A new graphical tool from Compuware, CloudSleuth, has arrived, in beta form, to measure and display the speeds at which cloud computing services run. The CloudSleuth tool already tracks Amazon.com, Microsoft, Google and a couple of other cloud providers. And it demonstrates that response times do indeed vary from operator to operator. It displays these results on a map that gives people an idea for the worldwide performance of different data centers at a quick glance.

Imad Mouline, the chief technology officer at Compuware’s Internet monitoring division, Gomez, said he designed the cloud tracking system to provide customers with a way of judging the various services on the market.

“I thought, ‘Why don’t we put these guys to the test?’” he said.

Gomez has set up identical servers in data centers around the globe that request the same files from the various cloud computing systems. It then measures the speed it takes to complete the request.

In addition, Gomez performs similar operations from people’s PCs.

All told, it can build a picture of how the cloud services perform on both high-speed corporate networks and slower home connections.

Looking worldwide over the past 30 days, Microsoft’s relatively new Azure platform has performed the best, responding to requests in 6.46 seconds.

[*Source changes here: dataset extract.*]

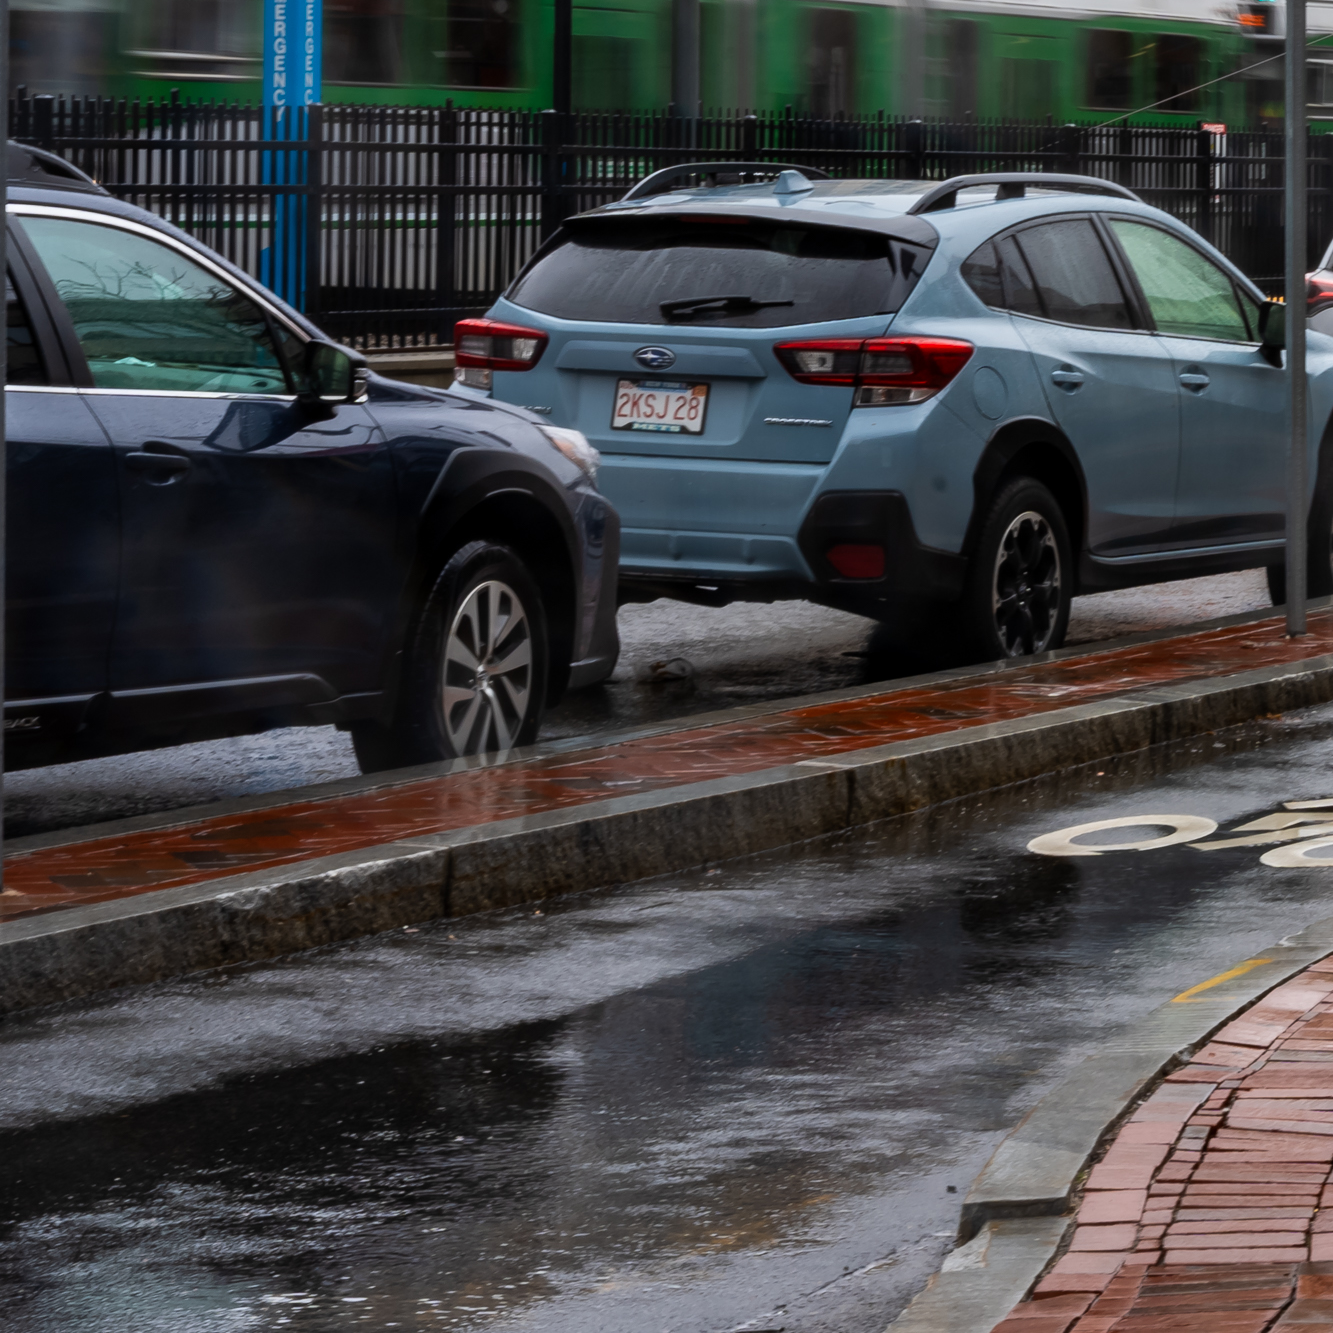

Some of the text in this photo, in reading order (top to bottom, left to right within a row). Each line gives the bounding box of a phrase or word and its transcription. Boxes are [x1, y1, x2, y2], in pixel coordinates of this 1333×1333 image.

[617, 392, 700, 421] 2KSJ 28
[631, 423, 681, 433] METS

OpSource ranks second at 6.61 seconds, followed by Google at 6.77 seconds and Amazon.com 6.82 seconds. (The Amazon figure is for its East Coast data center. Its West Coast, European and Asian data centers had slower response times.)

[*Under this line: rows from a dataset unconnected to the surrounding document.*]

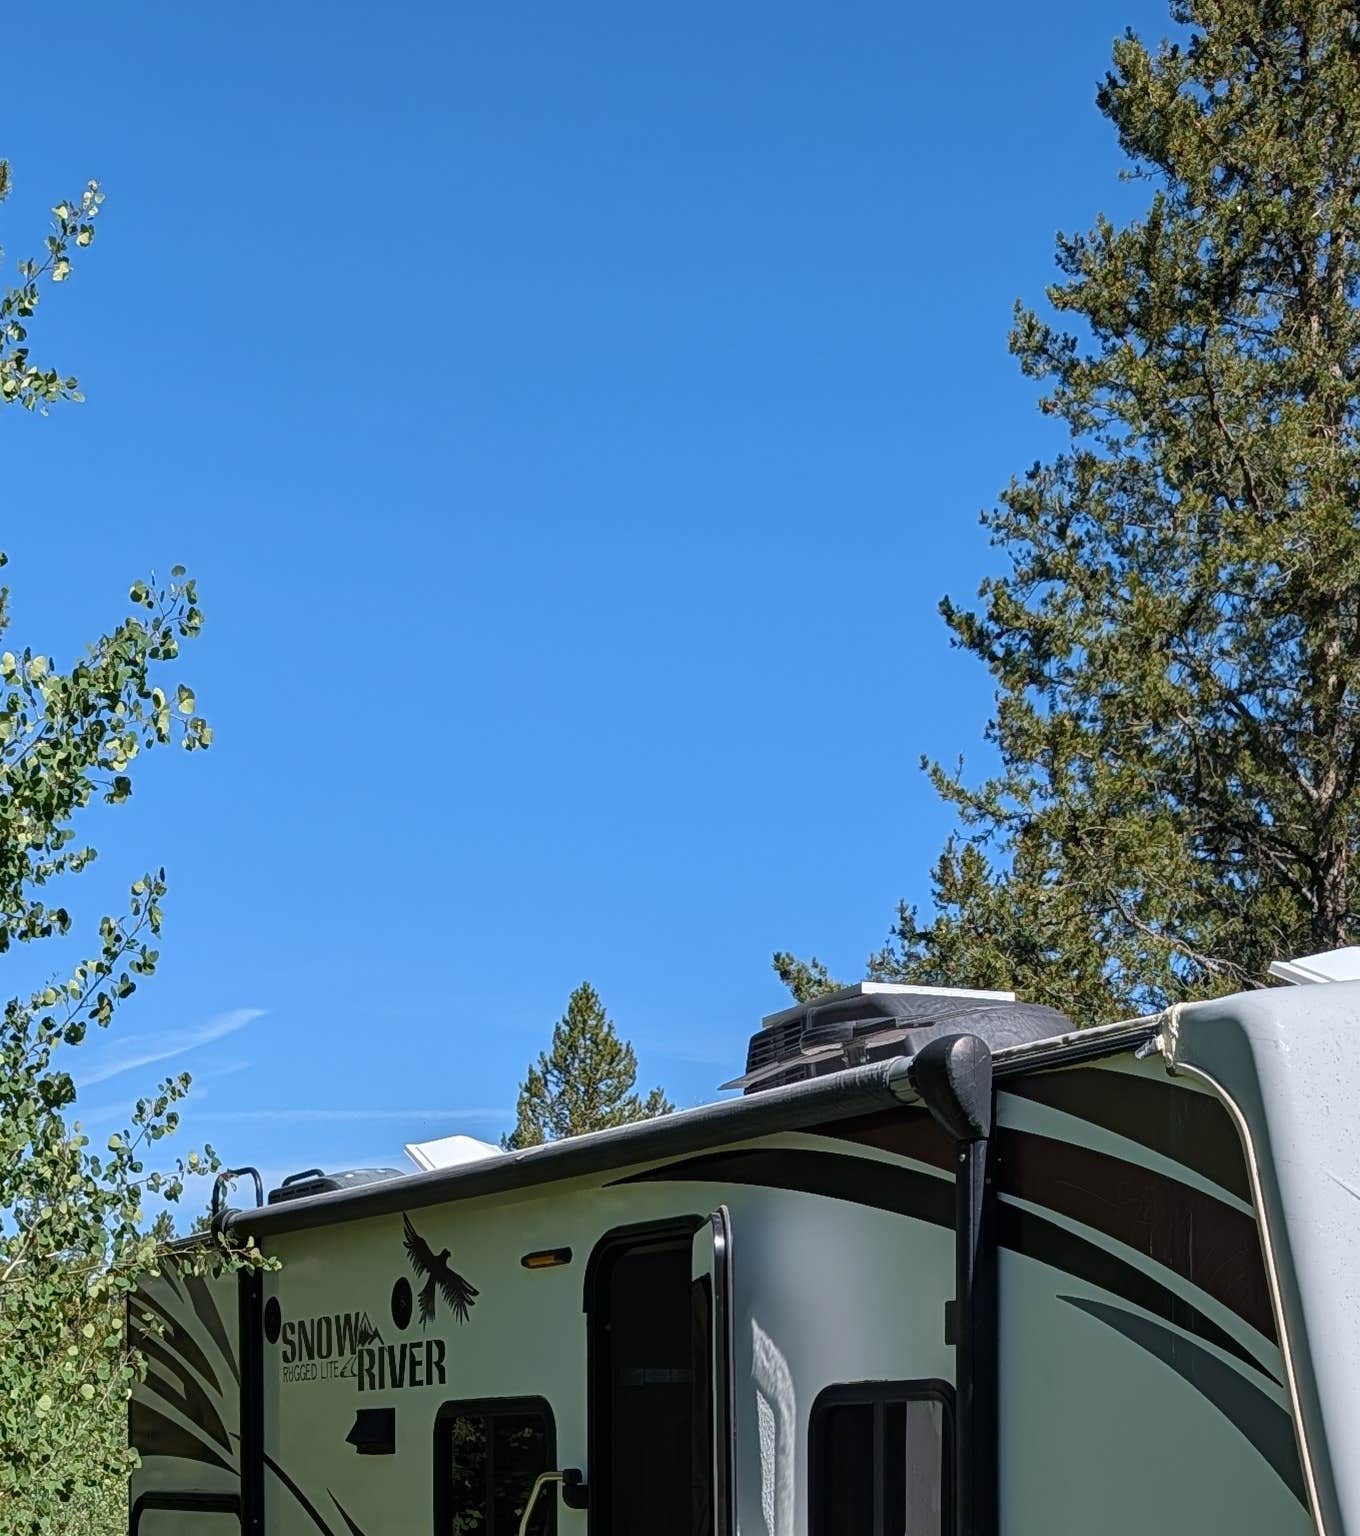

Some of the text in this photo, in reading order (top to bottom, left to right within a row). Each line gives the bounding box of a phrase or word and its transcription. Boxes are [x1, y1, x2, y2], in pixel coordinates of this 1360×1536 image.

[282, 1312, 359, 1363] SNOW
[283, 1360, 340, 1383] RUGGED LITE
[357, 1339, 446, 1392] RIVER
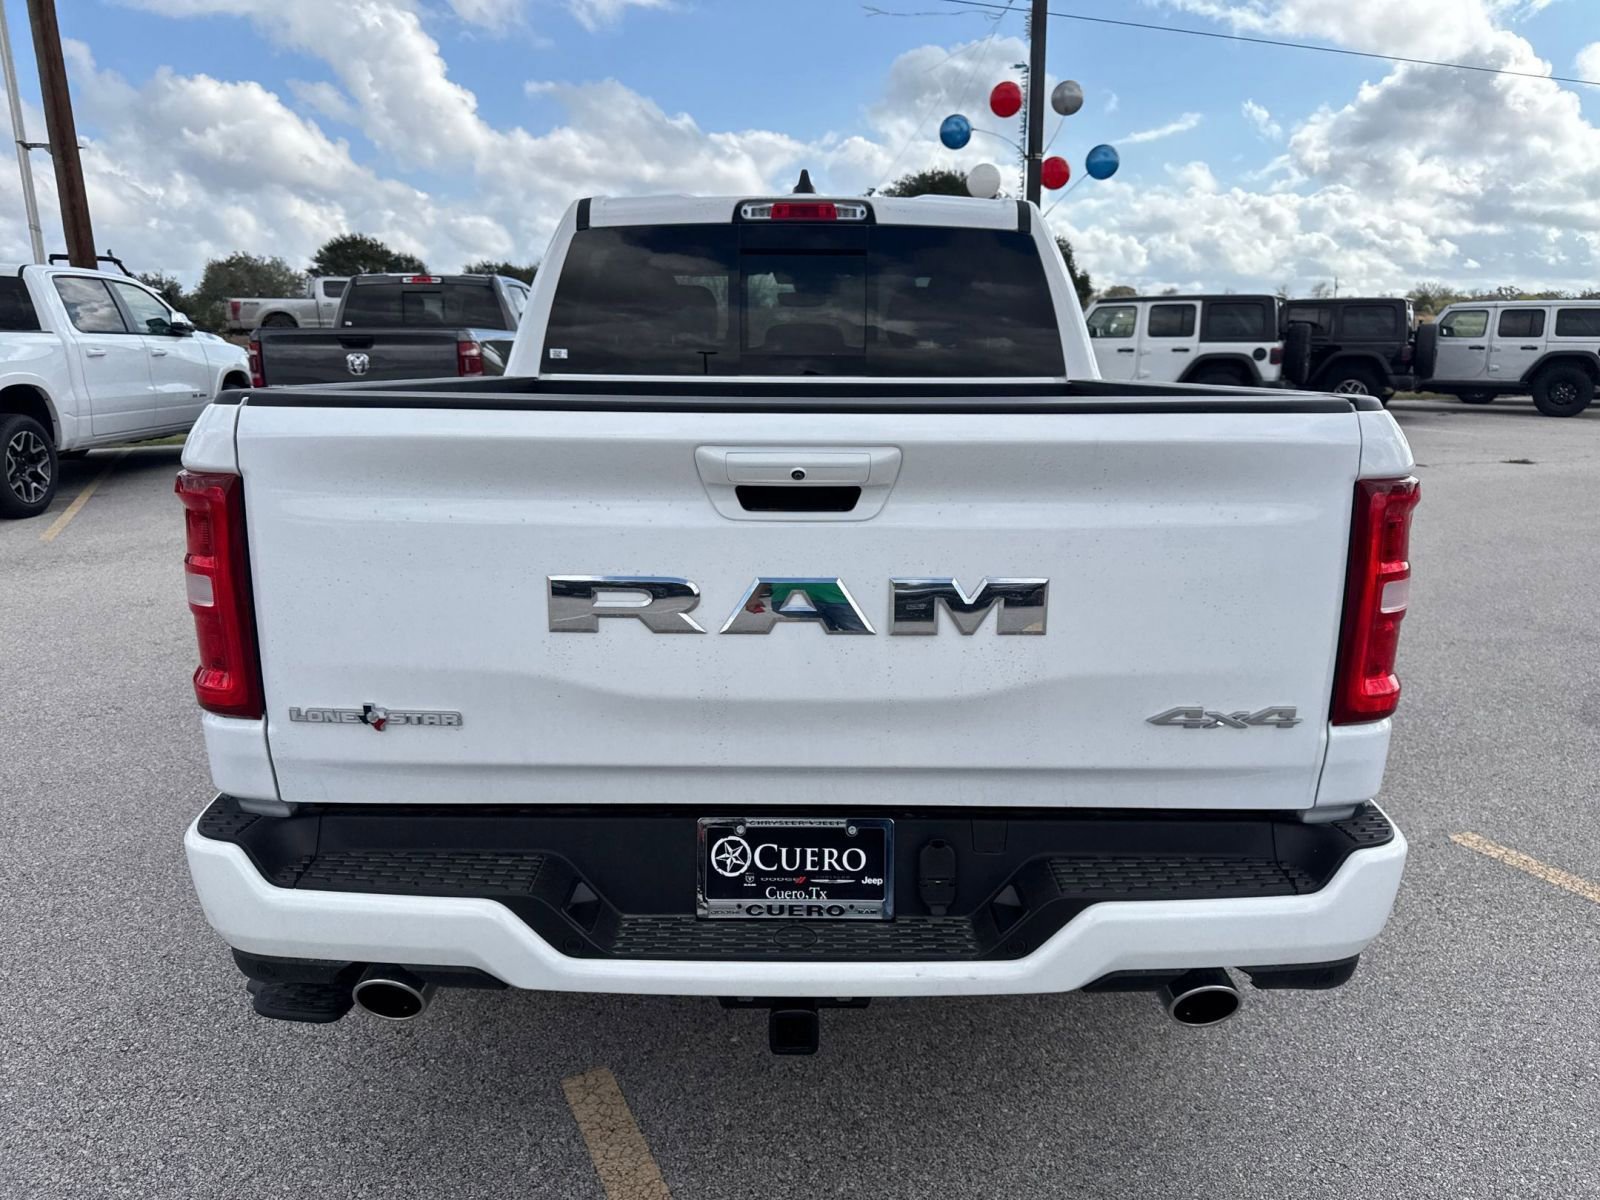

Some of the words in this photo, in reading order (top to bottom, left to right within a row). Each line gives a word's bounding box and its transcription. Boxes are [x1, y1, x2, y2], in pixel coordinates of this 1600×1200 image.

[546, 575, 1050, 636] RAM
[289, 706, 360, 724] LONE
[386, 710, 463, 727] STAR
[861, 875, 884, 886] Jeep
[745, 904, 846, 916] CUERO

The rankings were the same for the availability of the cloud systems, leaving Microsoft as the fastest and most reliable cloud provider.

Mr. Mouline stressed that the inner workings of cloud systems are complex because companies have all types of different applications running in the same data center. The interaction of all this software can pose performance challenges and makes the cloud services less responsive than the controlled, fine-tuned data centers that the likes of Amazon.com and Google run for their internal operations.

“Just because you run your application on Amazon’s EC2 or Google’s AppEngine, do not think you will get the same performance as Google.com or Amazon.com,” Mr. Mouline said. “That’s the first idea we need to make sure people get away from.

“The cloud is opaque,” Mr. Mouline added. “If you’re running an application in the cloud, you really don’t know what is going on at the infrastructure level.”

The physical location of data centers plays a huge role  in response times. For example, someone in Washington, D.C., requesting a file from Amazon.com’s East Coast data center should receive a response in less than a second, while the same task would take about 11 seconds to complete if the request came from California.

Cloud providers have tended to offer service-level agreements that focused on the overall uptime of their services. Amazon.com says it will be up 99.95 percent of the time, for instance.

But Mr. Mouline urged customers to begin thinking about making response time demands as well.

“We have already seen huge improvements in performance,” Mr. Mouline said. “We know the cloud guys are watching this and trying to improve their scores.”